Q: Not a fan of George Clooney — and “ER?”

A: I liked “ER,” but it’s hard for me to watch a medical show because I’m just hyper-critical of it. And when you live it all day long, you kind of want to come home and watch “Game of Thrones.” There are no dragons in my life currently, so I try to watch shows that add some other dimension to my life.

Q: You’ve got “Dr. Kildare,” “Ben Casey,” Konrad Styner in “Medic” during the 1950s, “Marcus Welby, M.D.” What do you think it is about Americans’ TV love affair with doctors? We seem to love to see them working and see their private lives.

A: It’s funny you mention Marcus Welby, because that’s what I had growing up, which is why I never believed I could be a doctor because I figured only men were doctors. But I think at the end of the day, there are three types of shows in television. There are cop shows, which are about law, there are justice-type shows, these shows about legal, but then there’s the drama of medicine, which is all about mortality, that edge of life and death. Watching that, I think, is intriguing. I think all of us question at times our mortality. How long will I live? What is the fascination of life and death? And the heroics of saving a life, I think that’s what’s so appealing.

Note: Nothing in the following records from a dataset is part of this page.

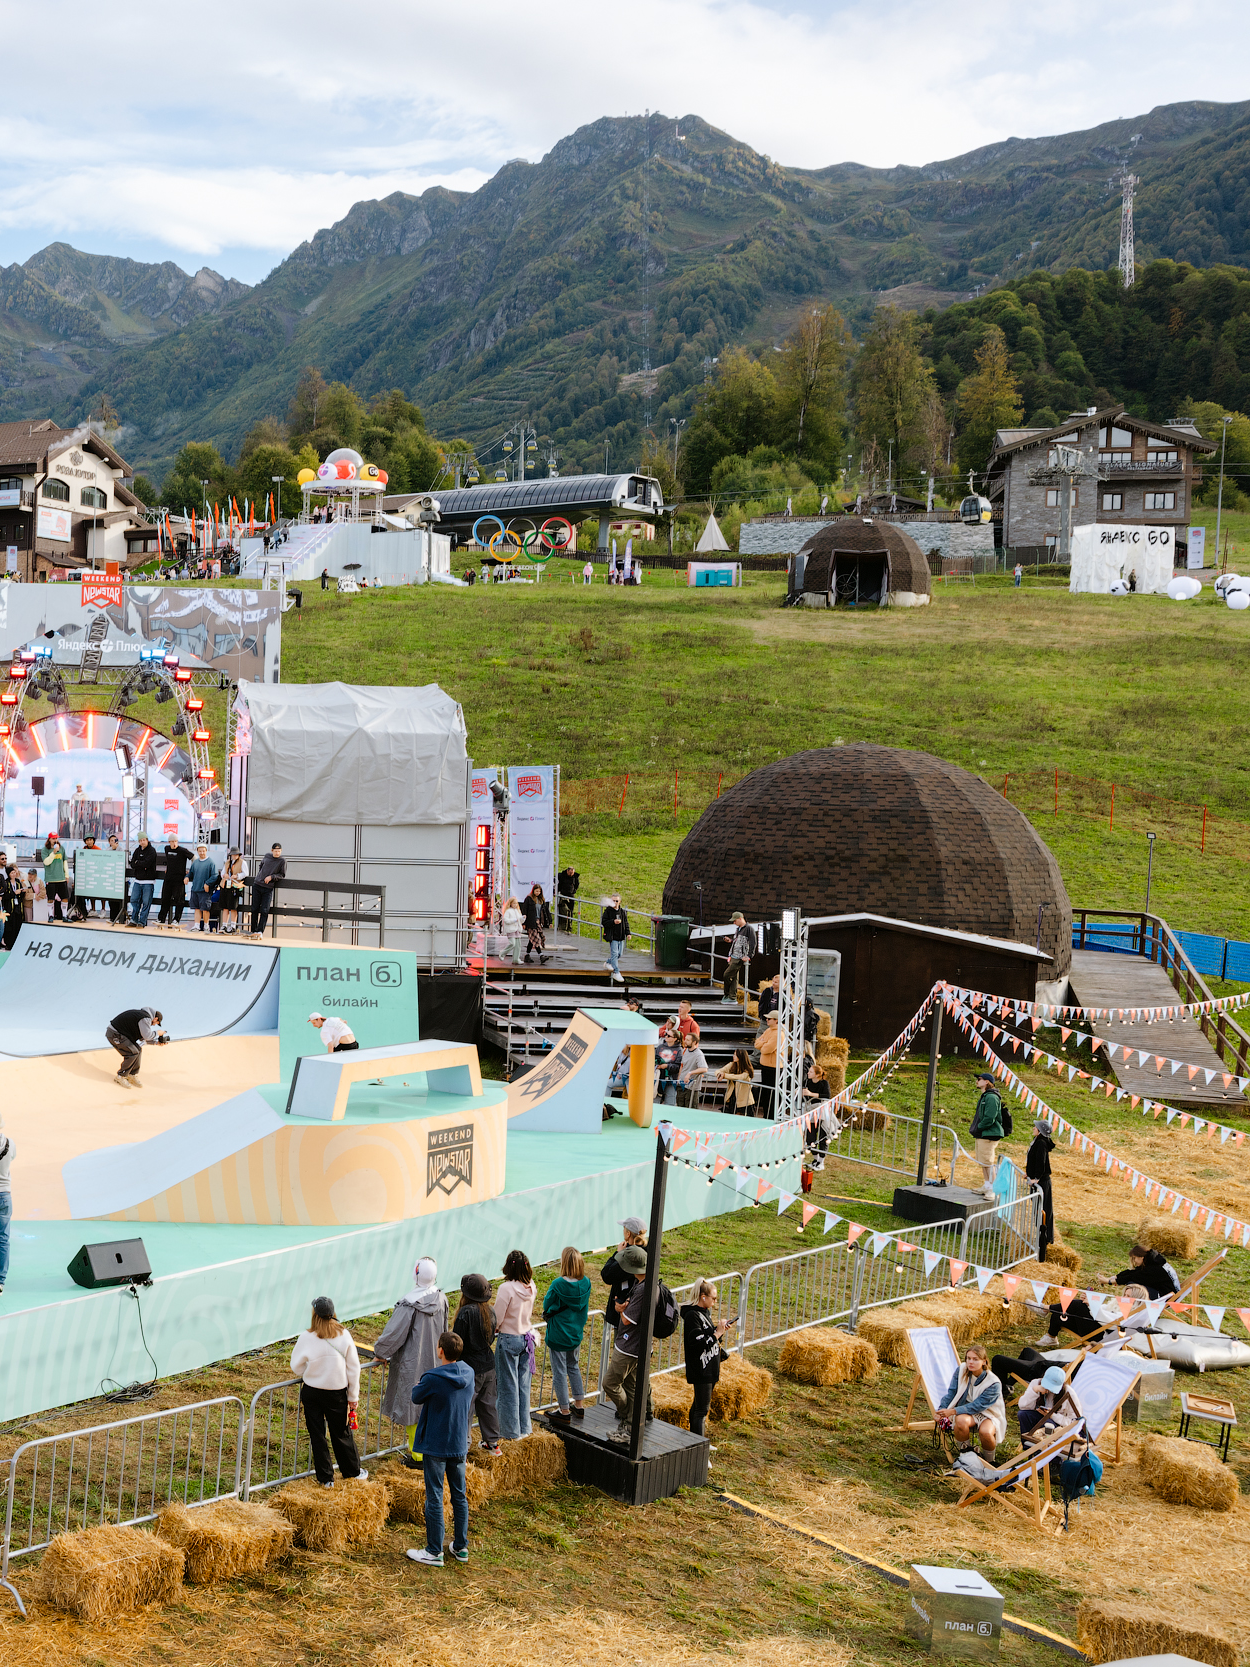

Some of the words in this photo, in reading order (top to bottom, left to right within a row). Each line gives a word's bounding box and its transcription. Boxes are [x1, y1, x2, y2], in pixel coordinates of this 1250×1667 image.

[369, 467, 379, 476] Go
[1147, 530, 1171, 545] GO
[83, 575, 121, 583] WEEKEND
[83, 586, 121, 604] NEWSTAR
[57, 638, 100, 652] Яндекс
[115, 640, 147, 652] Плюс
[24, 941, 53, 959] на
[57, 944, 137, 969] одном
[136, 953, 252, 982] дыхании
[296, 966, 361, 982] план
[375, 964, 398, 984] б.
[322, 994, 379, 1008] билайн
[430, 1127, 472, 1146] WEEKEND
[428, 1148, 471, 1189] NEWSTAR
[1144, 1391, 1168, 1402] билайн
[911, 1596, 930, 1625] билайн
[944, 1621, 974, 1632] план
[978, 1623, 990, 1634] б.

Q: You talked about Albany Med memories. How about some memories of Union College?

A: Union was always, for me, a springboard for my career. I grew up in Highland, New York (near Poughkeepsie), a small town where a lot of kids didn’t go to college. None went to medical school. Even for me to go to college was huge. My father, his brother and my sister all went to Union College; we were a legacy family. I remember my dad bringing me up to Union one day and we stood there on the rugby field right by the Nott Memorial and my dad stood there and said to me, “All of this could be yours.” And coming from a little town, Union seemed enormous to me. Why it was enormous to me, is because it opened up a huge window in my life. While I was there, I was a biochemistry major with a minor in immunology. I spent some time doing honors research, which I’d never done. I went on a term abroad to Italy. I didn’t even have a passport. I’d never been out of the country. It expanded my horizon in a way it could have never been staying in Highland.

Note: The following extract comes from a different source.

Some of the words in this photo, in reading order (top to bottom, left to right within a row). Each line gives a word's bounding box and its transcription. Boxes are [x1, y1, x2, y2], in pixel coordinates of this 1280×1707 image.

To me, the most important part of it, which I didn’t appreciate at the time, was the liberal arts education. I remember that I was a straight biochemistry major, it was science, science, science. But Union made it mandatory that you do work in a field outside of your major core of curriculum, and that is how I became a writer. How do you explain a heart surgeon who is a biochemistry major, hardcore research, and then writing a book that becomes a best-seller and a television show? That is the beauty of a liberal arts education.

Q: Where were some of your Schenectady hang-outs?

A: Geppetto’s. We used to go there for breakfast. It had the most heart-healthy breakfast on the planet. We’re talking about three eggs, bacon, hash browns.